|NETL’s 2015 Carbon Storage Atlas Shows Increase in U.S. CO2 Storage Potential|
NETL’s 2015 Carbon Storage Atlas Shows Increase in U.S. CO2 Storage Potential
On September 28, the U.S. Department of Energy’s (DOE) National Energy Technology Laboratory (NETL) released the fifth edition of the Carbon Storage Atlas (Atlas V), which shows prospective carbon dioxide (CO2) storage resources of at least 2,600 billion metric tons, an increase over the 2,380 billion metric tons reported in the 2012 Atlas. The increase is a result of improved accuracy and precision in storage resource calculations, additional information from formation studies, and refinement of storage efficiency. Of particular importance is Atlas V’s finding that approximately 230 billion metric tons of CO2 could be stored in depleted oil and natural gas fields. This storage estimate equates to several decades’ worth of emissions from stationary sources with the added benefit of enhancing oil and gas recovery.

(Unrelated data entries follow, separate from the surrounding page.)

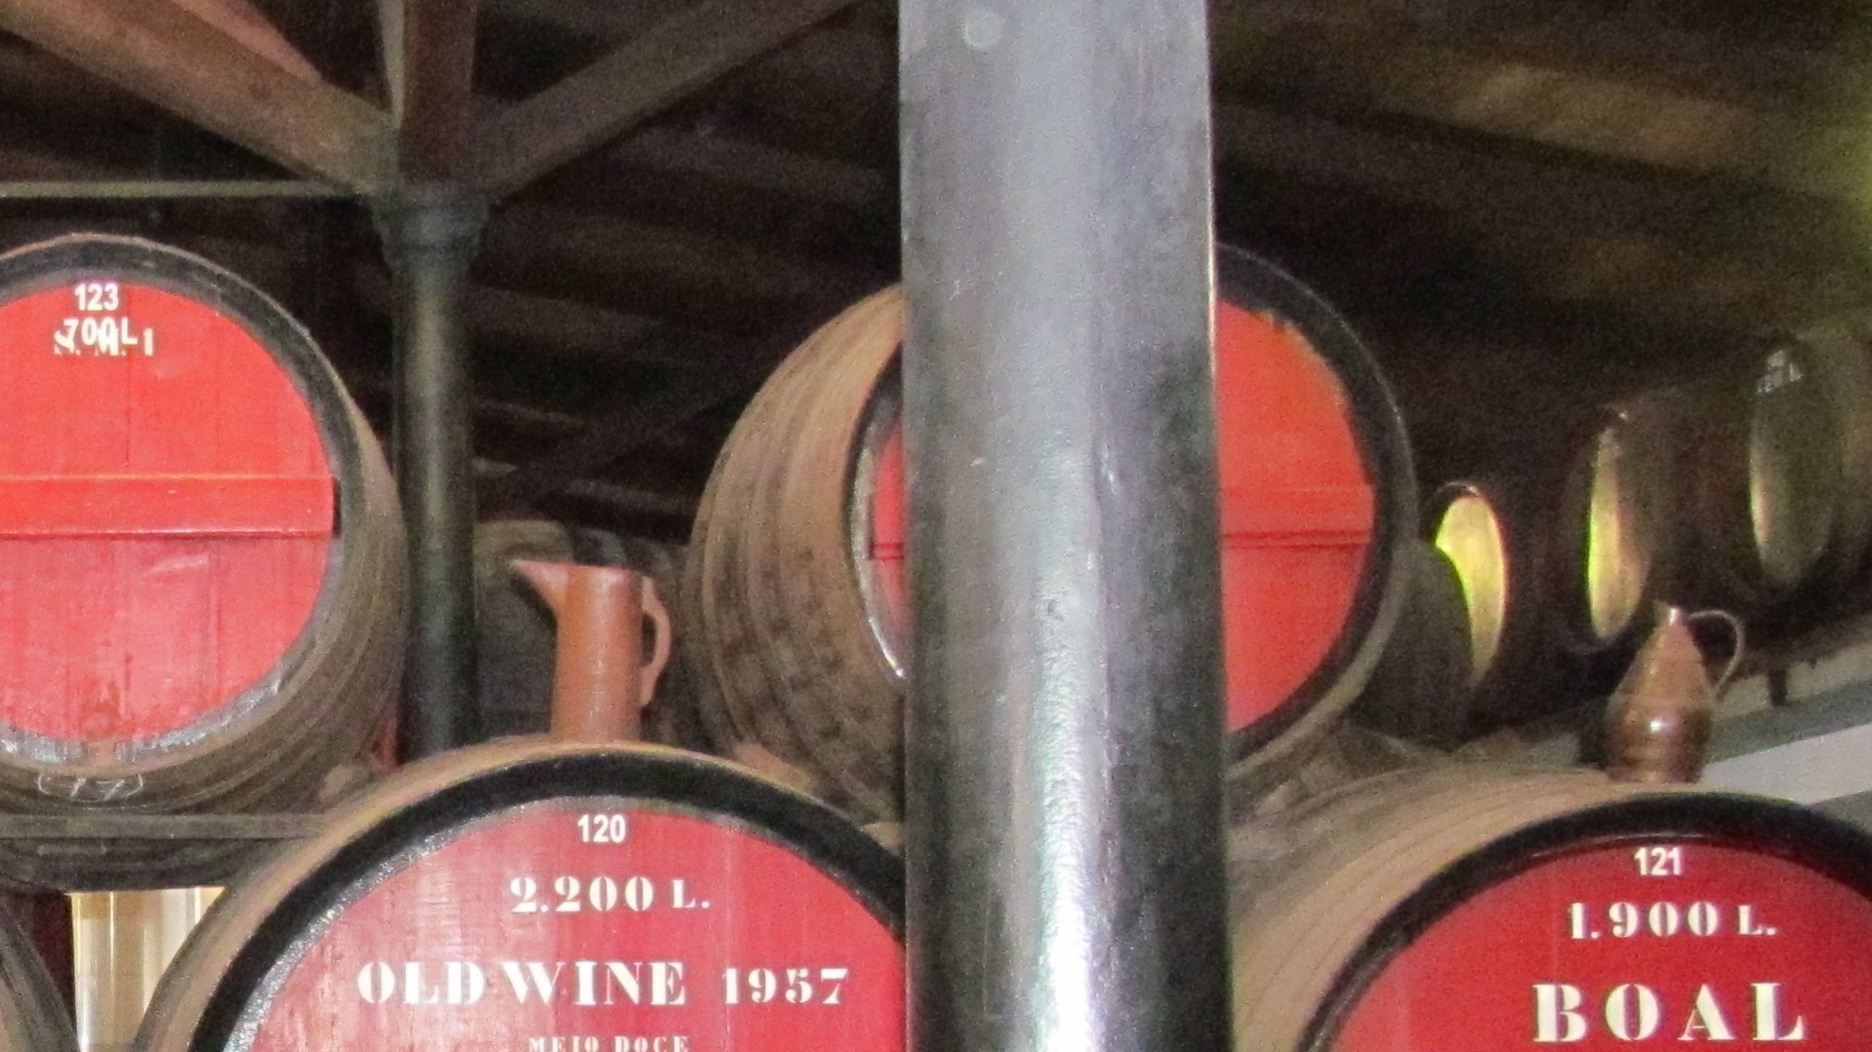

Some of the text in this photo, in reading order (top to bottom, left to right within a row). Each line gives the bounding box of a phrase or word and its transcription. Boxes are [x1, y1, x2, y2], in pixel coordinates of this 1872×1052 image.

[74, 283, 119, 311] 123
[577, 814, 626, 843] 120
[1633, 846, 1682, 876] 121
[509, 875, 654, 913] 2.200
[1568, 901, 1720, 939] 1.900
[357, 961, 849, 1006] OLD WINE 1957
[1531, 982, 1808, 1042] BOAL

Atlas V is a coordinated update of carbon storage resources, activities, and large-scale field projects in the United States, and includes input from the more than 400 organizations in 43 states and four Canadian provinces that make up DOE’s seven Regional Carbon Sequestration Partnerships. For more than a decade, Regional Partnerships have been investigating the best possible CO2 storage sites.

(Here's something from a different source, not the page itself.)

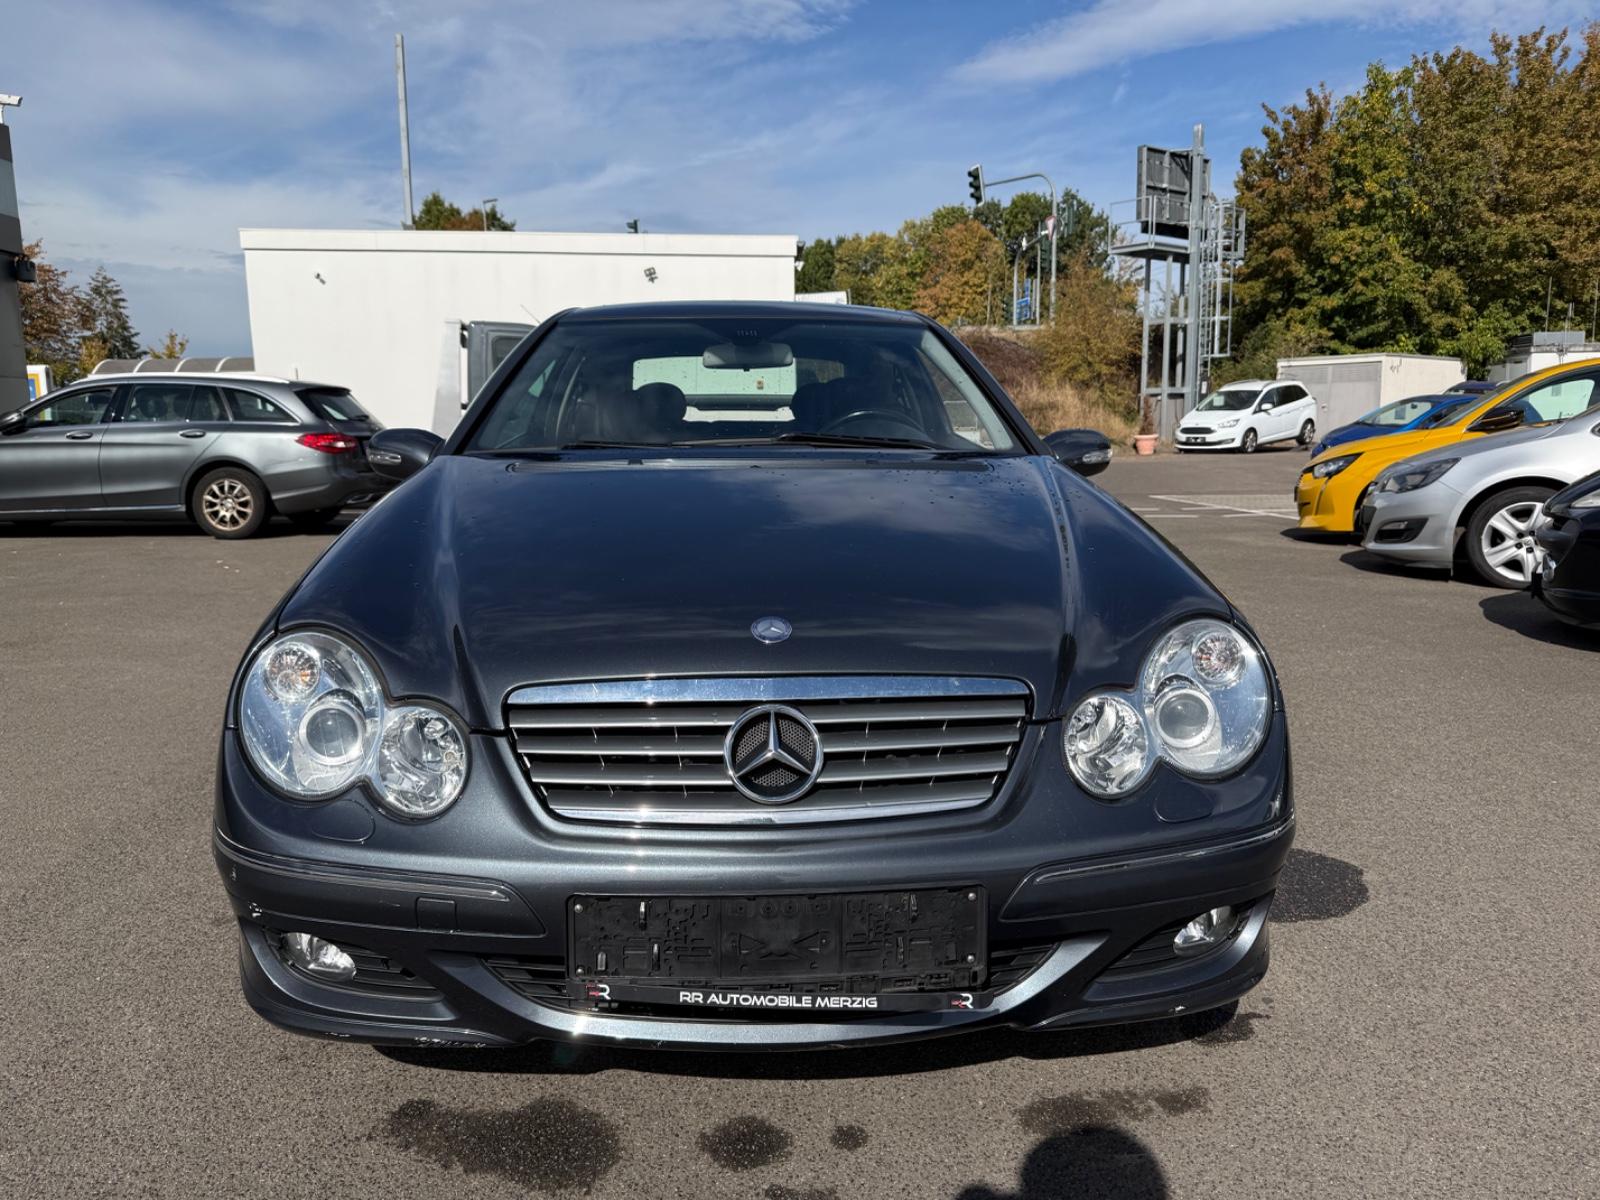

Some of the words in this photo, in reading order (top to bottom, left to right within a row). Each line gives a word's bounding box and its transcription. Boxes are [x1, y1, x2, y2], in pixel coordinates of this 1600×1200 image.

[679, 991, 704, 1004] RR
[707, 993, 812, 1008] AUTOMOBILE
[815, 996, 878, 1009] MERZIG

Atlas V highlights potential CO2 storage resources in saline formations, oil and natural gas reservoirs, and unmineable coal seams. This edition also presents a detailed look at the Regional Carbon Sequestration Partnership Initiative’s large-scale field projects. These large-scale field projects are uniquely tailored to address technical and non-technical challenges within their respective regions, an approach which has proved to be highly effective. The Atlas also incorporates valuable information from ten storage site characterization projects, which were funded by the Recovery Act.